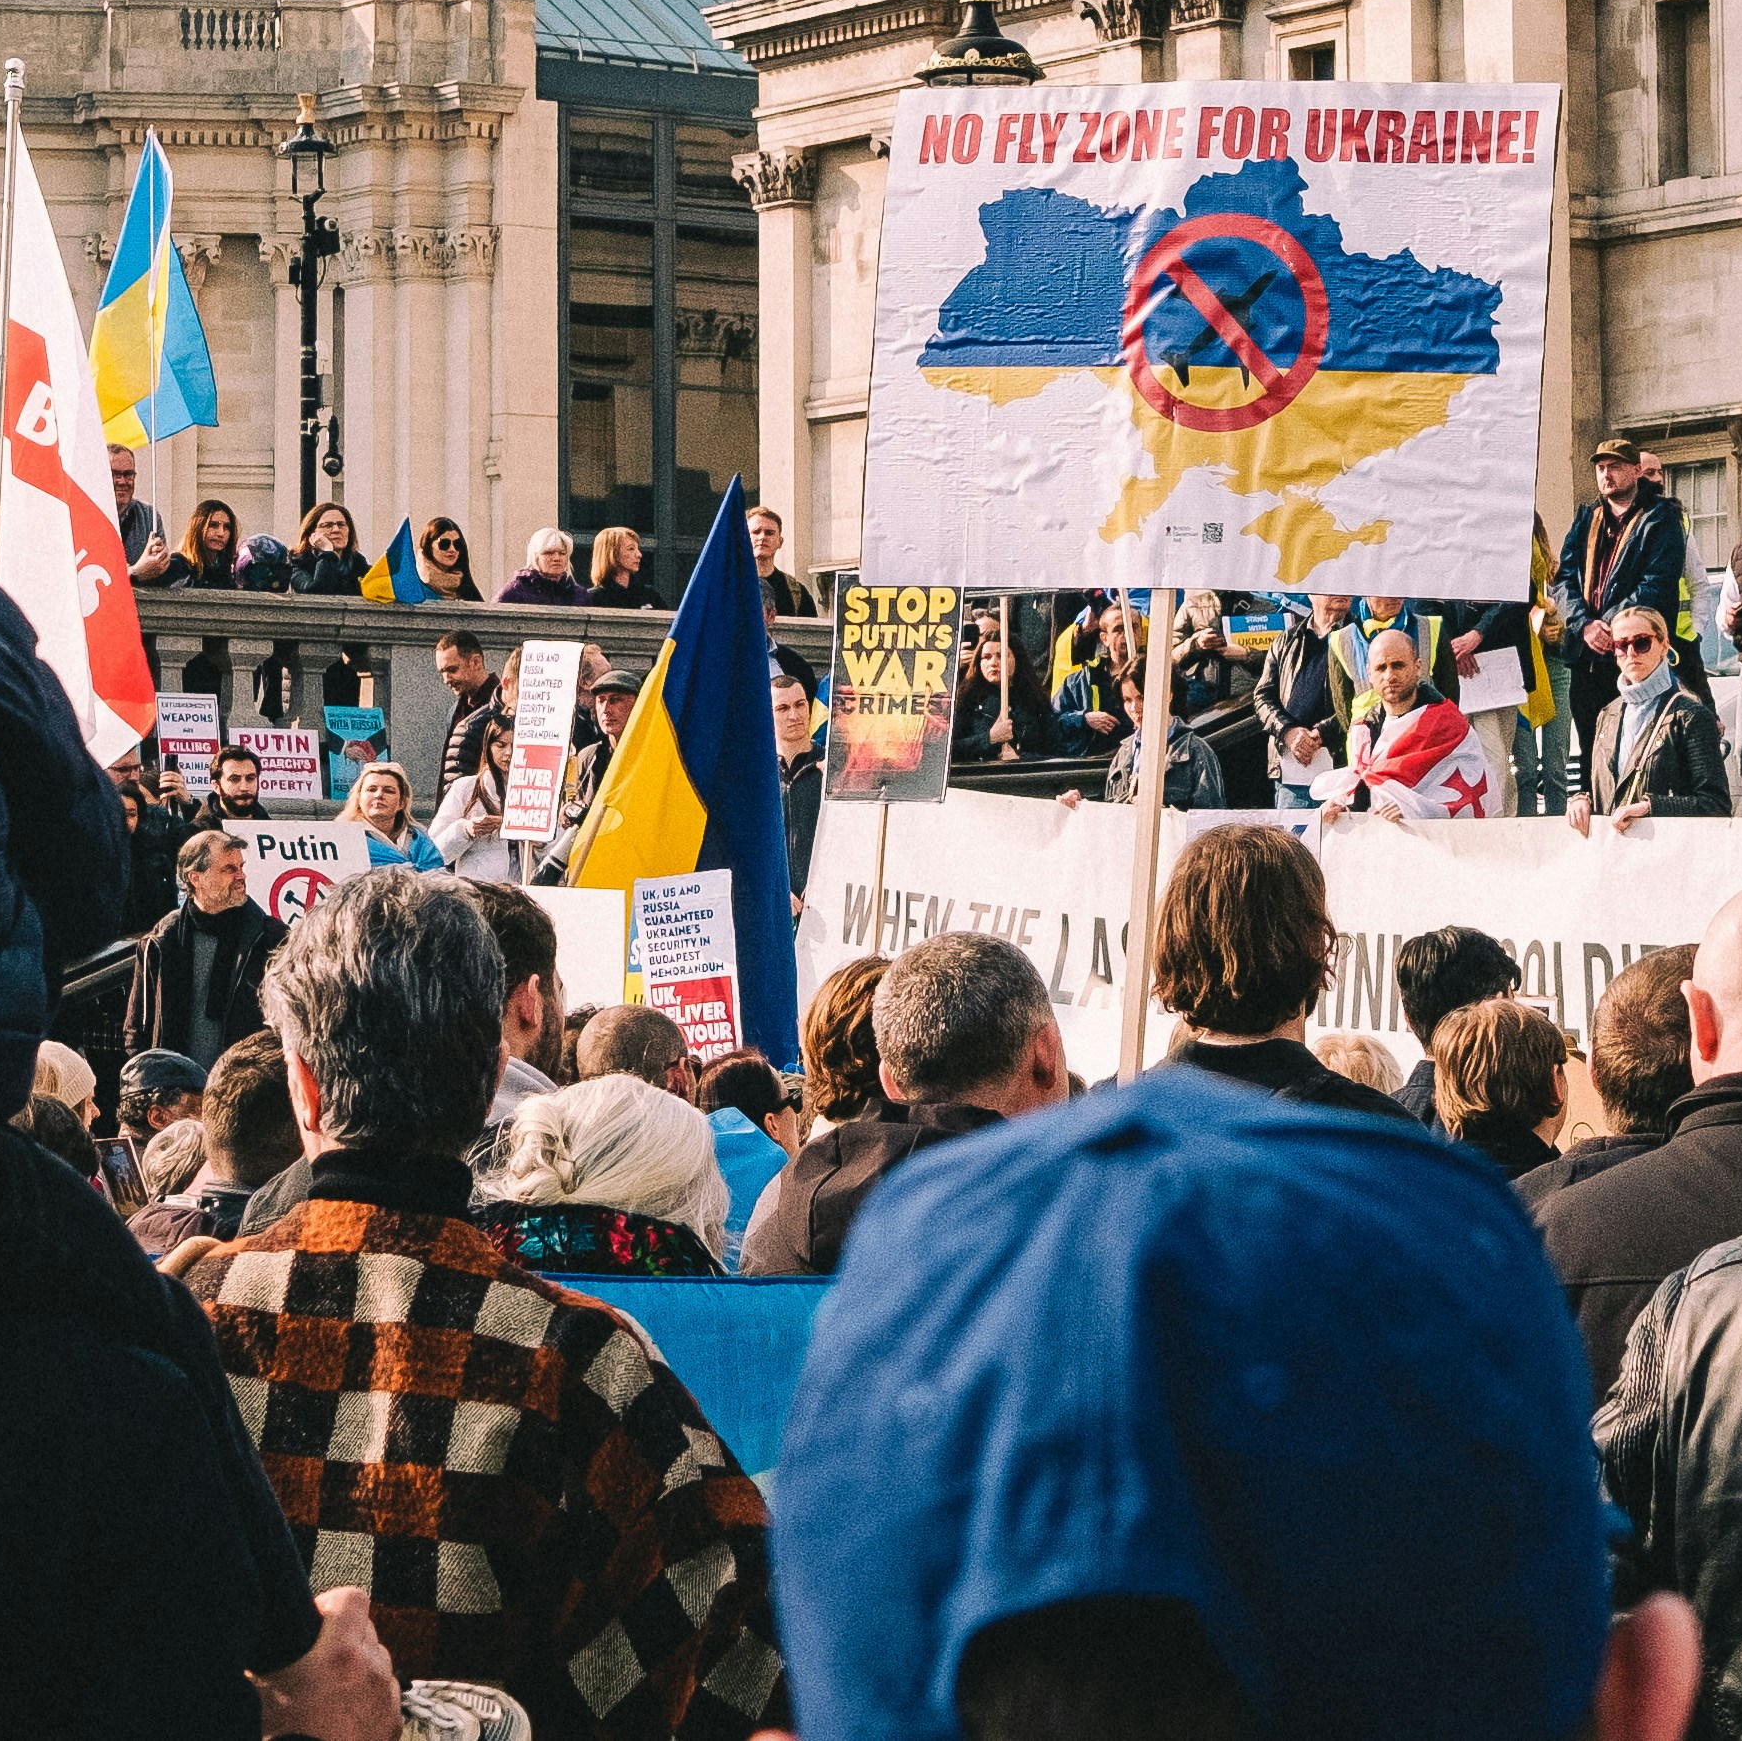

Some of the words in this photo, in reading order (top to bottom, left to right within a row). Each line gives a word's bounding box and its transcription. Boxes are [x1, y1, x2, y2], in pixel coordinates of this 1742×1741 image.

[919, 113, 984, 164] NO
[993, 112, 1069, 164] FLY
[1073, 107, 1187, 164] ZONE
[1197, 105, 1291, 161] FOR
[1304, 108, 1540, 164] UKRAINE!
[844, 586, 957, 624] STOP
[843, 624, 953, 650] PUTIN'S
[1238, 637, 1275, 647] UKRAIN
[841, 650, 949, 693] WAR
[161, 712, 214, 723] WEAPONS
[168, 741, 212, 753] KILLING
[239, 733, 309, 754] PUTIN
[179, 761, 211, 771] RAINIA
[260, 757, 312, 771] GARCH'S
[260, 778, 313, 791] OPERTY
[256, 833, 339, 861] Putin
[642, 889, 660, 901] UK,
[663, 887, 676, 898] US
[679, 884, 701, 896] AND
[643, 900, 681, 914] RUSSIA
[644, 909, 714, 927] GUARANTEED
[842, 882, 956, 952] WHEN
[646, 924, 701, 940] UKRAINE'S
[647, 937, 697, 953] SECURITY
[699, 935, 711, 947] IN
[649, 950, 701, 966] BUDAPEST
[650, 961, 725, 979] MEMORANDUM
[651, 985, 682, 1007] UK,
[661, 1000, 728, 1025] ELIVER
[683, 1021, 734, 1044] YOUR
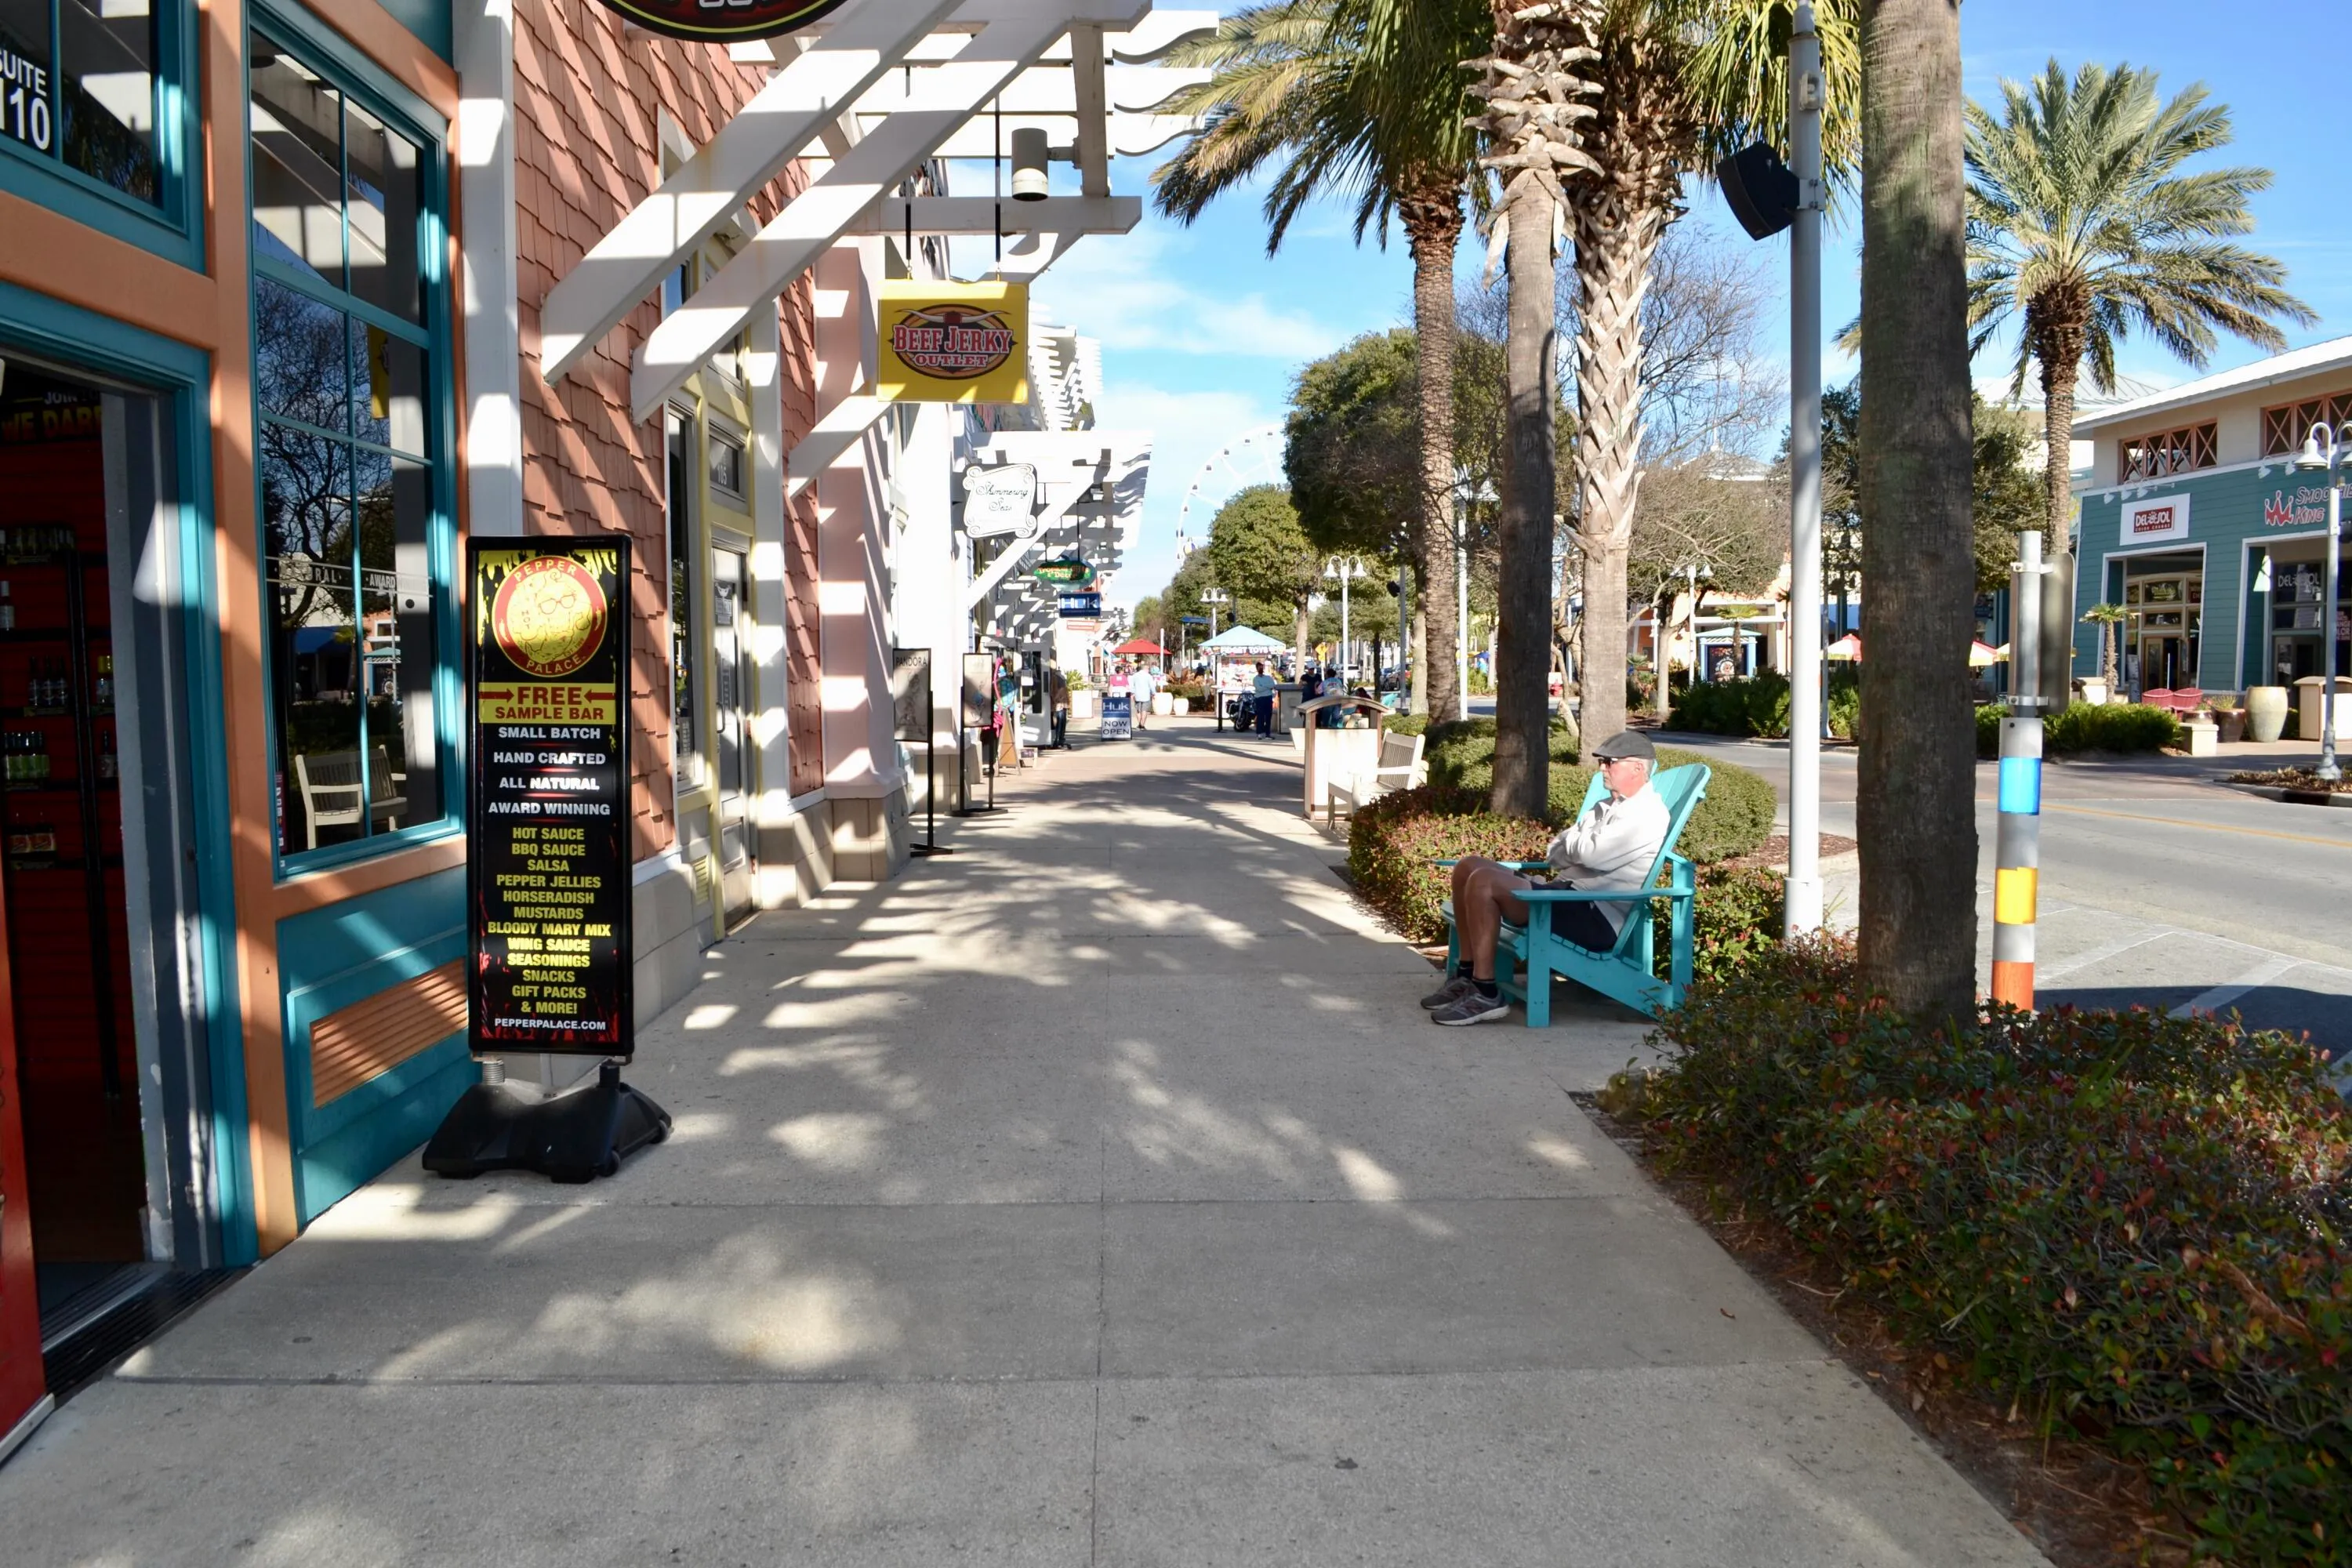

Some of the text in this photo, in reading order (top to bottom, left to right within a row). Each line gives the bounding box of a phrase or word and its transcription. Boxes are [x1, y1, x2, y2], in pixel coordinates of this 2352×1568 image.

[893, 325, 1013, 354] BEEF JERKY
[913, 353, 989, 367] OUTLET
[976, 481, 1029, 499] Shimmering
[2135, 514, 2148, 527] DEL
[2294, 506, 2325, 525] KING
[514, 559, 578, 582] PEPPER
[369, 573, 396, 588] AWARD
[527, 654, 582, 674] PALACE
[895, 657, 927, 666] PANDORA
[517, 687, 583, 705] FREE
[1102, 702, 1129, 710] Huk
[495, 708, 604, 720] SAMPLE BAR
[499, 728, 601, 739] SMALL BATCH
[493, 753, 606, 764] HAND CRAFTED
[499, 778, 600, 790] ALL NATURAL
[488, 802, 611, 816] AWARD WINNING
[513, 828, 585, 840] HOT SAUCE
[512, 844, 586, 857] BBQ SAUCE
[528, 859, 569, 872] SALSA
[496, 875, 601, 888] PEPPER JELLIES
[503, 891, 594, 904] HORSERADISH
[514, 907, 583, 920] MUSTARDS
[488, 922, 611, 937] BLOODY MARY MIX
[507, 938, 590, 952] WING SAUCE
[507, 953, 590, 967] SEASONINGS
[523, 970, 575, 982] SNACKS
[512, 985, 586, 999] GIFT PACKS
[521, 1001, 577, 1014] & MORE!
[495, 1018, 606, 1030] PEPPERPALACE.COM
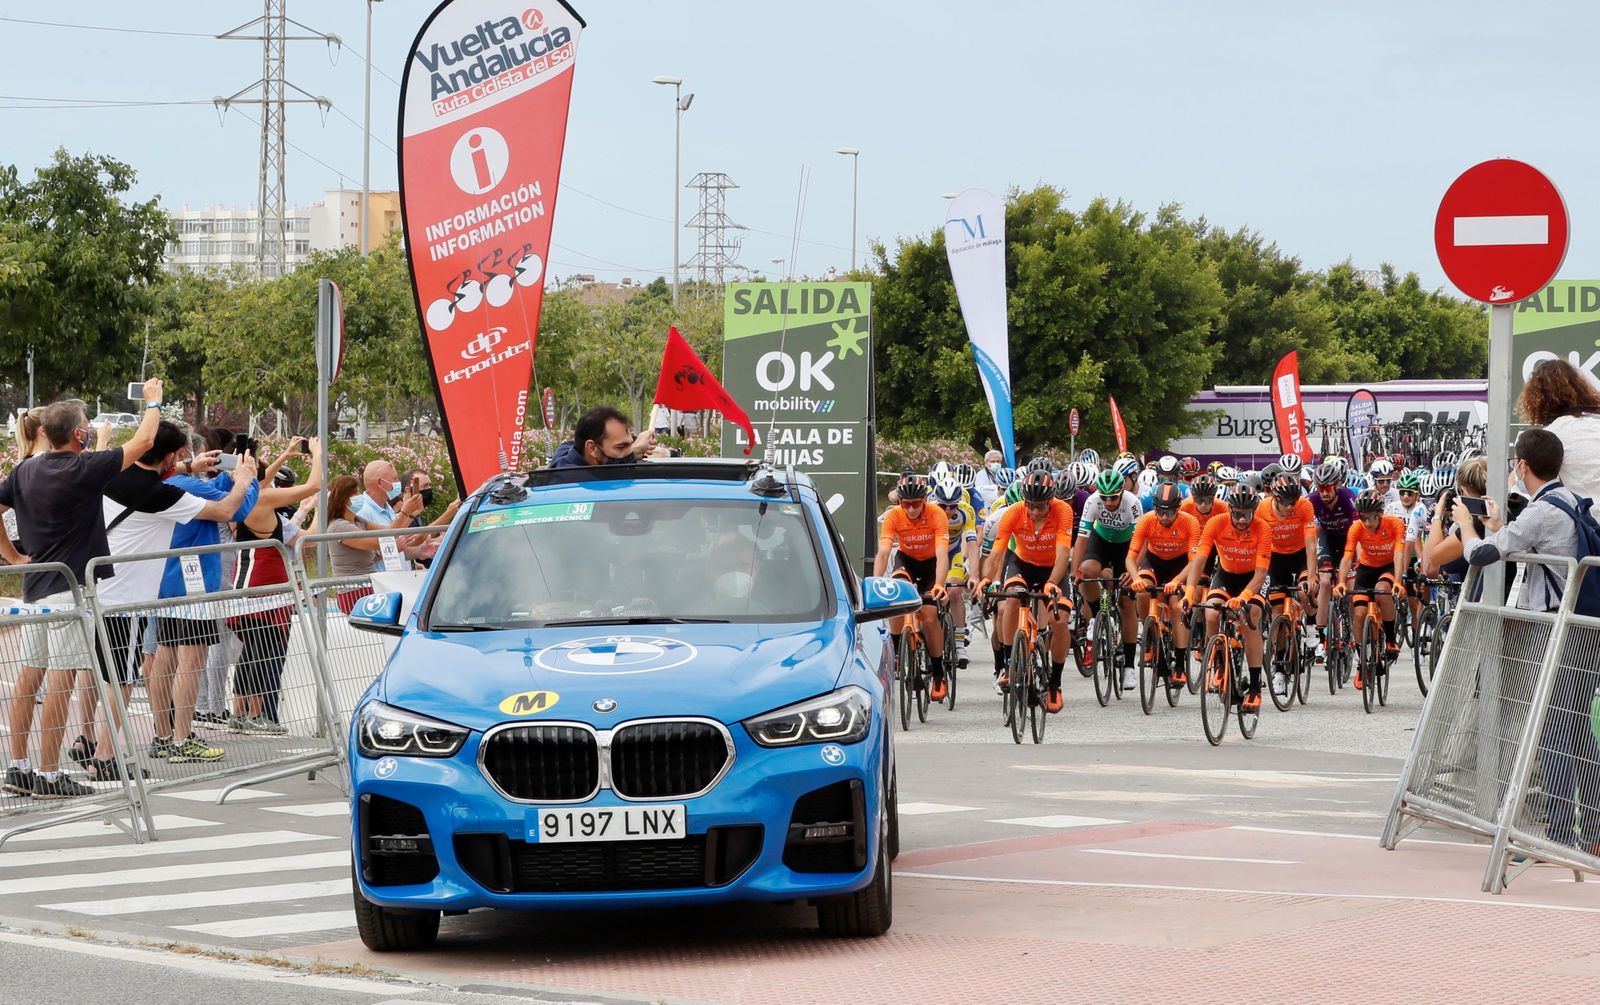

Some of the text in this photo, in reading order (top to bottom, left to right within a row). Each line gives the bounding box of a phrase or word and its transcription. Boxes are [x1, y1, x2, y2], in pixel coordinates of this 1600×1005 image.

++++++

REQUIRED ACTION ::
All entries must be written out again exactly as given, with no pictures in the copy.

ANSWER TO THE PROBLEM ::
Some of the words in this photo, in reading order (top to bottom, left to right within a row). Each line gives a word's bounding box and its transcription. Boxes are [x1, y1, x2, y2], in pixel coordinates of this 1742×1741 image.

[919, 113, 984, 164] NO
[993, 112, 1069, 164] FLY
[1073, 107, 1187, 164] ZONE
[1197, 105, 1291, 161] FOR
[1304, 108, 1540, 164] UKRAINE!
[844, 586, 957, 624] STOP
[843, 624, 953, 650] PUTIN'S
[1238, 637, 1275, 647] UKRAIN
[841, 650, 949, 693] WAR
[161, 712, 214, 723] WEAPONS
[168, 741, 212, 753] KILLING
[239, 733, 309, 754] PUTIN
[179, 761, 211, 771] RAINIA
[260, 757, 312, 771] GARCH'S
[260, 778, 313, 791] OPERTY
[256, 833, 339, 861] Putin
[642, 889, 660, 901] UK,
[663, 887, 676, 898] US
[679, 884, 701, 896] AND
[643, 900, 681, 914] RUSSIA
[644, 909, 714, 927] GUARANTEED
[842, 882, 956, 952] WHEN
[646, 924, 701, 940] UKRAINE'S
[647, 937, 697, 953] SECURITY
[699, 935, 711, 947] IN
[649, 950, 701, 966] BUDAPEST
[650, 961, 725, 979] MEMORANDUM
[651, 985, 682, 1007] UK,
[661, 1000, 728, 1025] ELIVER
[683, 1021, 734, 1044] YOUR

Some of the text in this photo, in reading order (top to bottom, left to right within a row). Each line gives the bounding box of a phrase or word and its transcription. Boxes are [x1, y1, x2, y2], in pixel coordinates of this 2352×1568 image.

[893, 325, 1013, 354] BEEF JERKY
[913, 353, 989, 367] OUTLET
[976, 481, 1029, 499] Shimmering
[2135, 514, 2148, 527] DEL
[2294, 506, 2325, 525] KING
[514, 559, 578, 582] PEPPER
[369, 573, 396, 588] AWARD
[527, 654, 582, 674] PALACE
[895, 657, 927, 666] PANDORA
[517, 687, 583, 705] FREE
[1102, 702, 1129, 710] Huk
[495, 708, 604, 720] SAMPLE BAR
[499, 728, 601, 739] SMALL BATCH
[493, 753, 606, 764] HAND CRAFTED
[499, 778, 600, 790] ALL NATURAL
[488, 802, 611, 816] AWARD WINNING
[513, 828, 585, 840] HOT SAUCE
[512, 844, 586, 857] BBQ SAUCE
[528, 859, 569, 872] SALSA
[496, 875, 601, 888] PEPPER JELLIES
[503, 891, 594, 904] HORSERADISH
[514, 907, 583, 920] MUSTARDS
[488, 922, 611, 937] BLOODY MARY MIX
[507, 938, 590, 952] WING SAUCE
[507, 953, 590, 967] SEASONINGS
[523, 970, 575, 982] SNACKS
[512, 985, 586, 999] GIFT PACKS
[521, 1001, 577, 1014] & MORE!
[495, 1018, 606, 1030] PEPPERPALACE.COM

Some of the text in this photo, in reading order (top to bottom, left to right within a row). Each line gives the bounding box of a phrase or word and its transcription. Boxes are [x1, y1, x2, y2], in pixel coordinates of this 1600×1005 image.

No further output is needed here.